In years past, such a launch might have been greeted with a collective shrug from the press. (The launch of Facebook Live in 2016 also involved a takeover of Montgomery Station, and passed with little fanfare — at least until a rash of violent live streams drew their attention.) But the increased focus on groups this year has come with energetic scrutiny from journalists — a sign of how even seemingly mundane Facebook launches now meet with deep skepticism around the world.
And judging from the awful groups that journalists keep discovering, that skepticism is warranted. Last week, ProPublica found a group of Border Patrol agents joking about migrant deaths and making other racist and offensive comments. (The Intercept posted an archive of the group’s awful posts.) Over the weekend, CNN found another:
At least one other social media group with an apparent nexus to Customs and Border Protection has been discovered to contain vulgar and sexually explicit posts, according to screenshots shared by two sources familiar with the Facebook pages.

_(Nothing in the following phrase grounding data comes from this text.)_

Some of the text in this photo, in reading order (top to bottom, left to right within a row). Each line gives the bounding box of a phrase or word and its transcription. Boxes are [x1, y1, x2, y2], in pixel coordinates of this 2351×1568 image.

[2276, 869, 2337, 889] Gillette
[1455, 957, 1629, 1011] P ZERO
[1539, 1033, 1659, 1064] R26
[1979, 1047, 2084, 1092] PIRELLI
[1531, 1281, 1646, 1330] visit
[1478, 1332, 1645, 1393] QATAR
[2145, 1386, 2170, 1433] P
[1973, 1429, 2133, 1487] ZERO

The secret Facebook group, “The Real CBP Nation,” which has around 1,000 members, is host to an image that mocks separating migrant families,multiple demeaning memes of Rep. Alexandria Ocasio-Cortez, a New York Democrat, and other derisive images of Asians and African Americans.

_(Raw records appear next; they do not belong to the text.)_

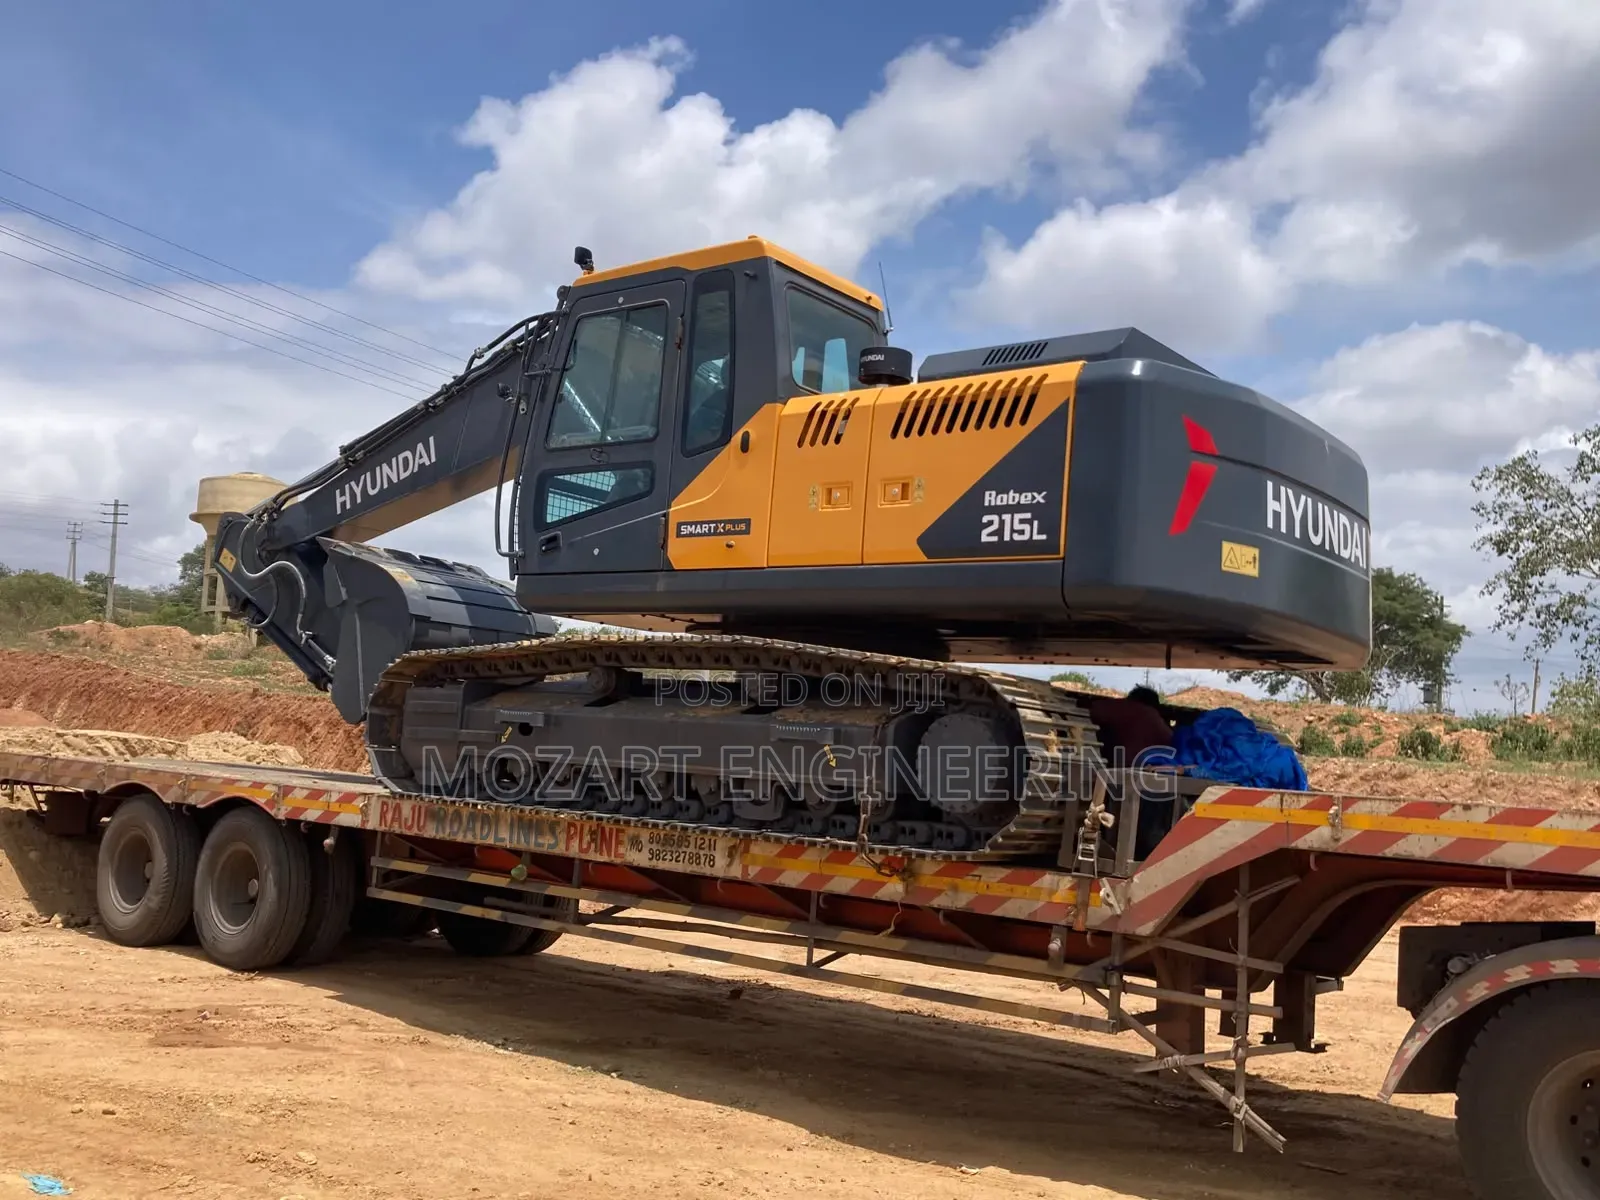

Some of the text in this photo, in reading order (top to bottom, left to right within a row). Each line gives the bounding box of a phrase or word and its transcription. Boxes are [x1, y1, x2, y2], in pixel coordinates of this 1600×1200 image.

[860, 354, 885, 363] UNDAI
[335, 435, 437, 515] HYUNDAI
[984, 489, 1047, 506] Robex
[725, 523, 746, 531] PLUS
[980, 512, 1047, 543] 215L
[1266, 480, 1367, 569] HYUNDAI
[379, 800, 626, 860] RAJU ROADLINES PUNE
[648, 847, 716, 868] 9823278878

The same day, Le Monde found a group with 56,000 members devoted largely to making misogynist comments. (I’m relying on Google Translate here, so let me know if I get this wrong, French speakers.) The group actively solicited revenge porn before Facebook shut it down, according to the report.
And just today, a Twitter user who stumbled across a Facebook TV ad investigated one of the featured groups, and found a rash of ugly posts.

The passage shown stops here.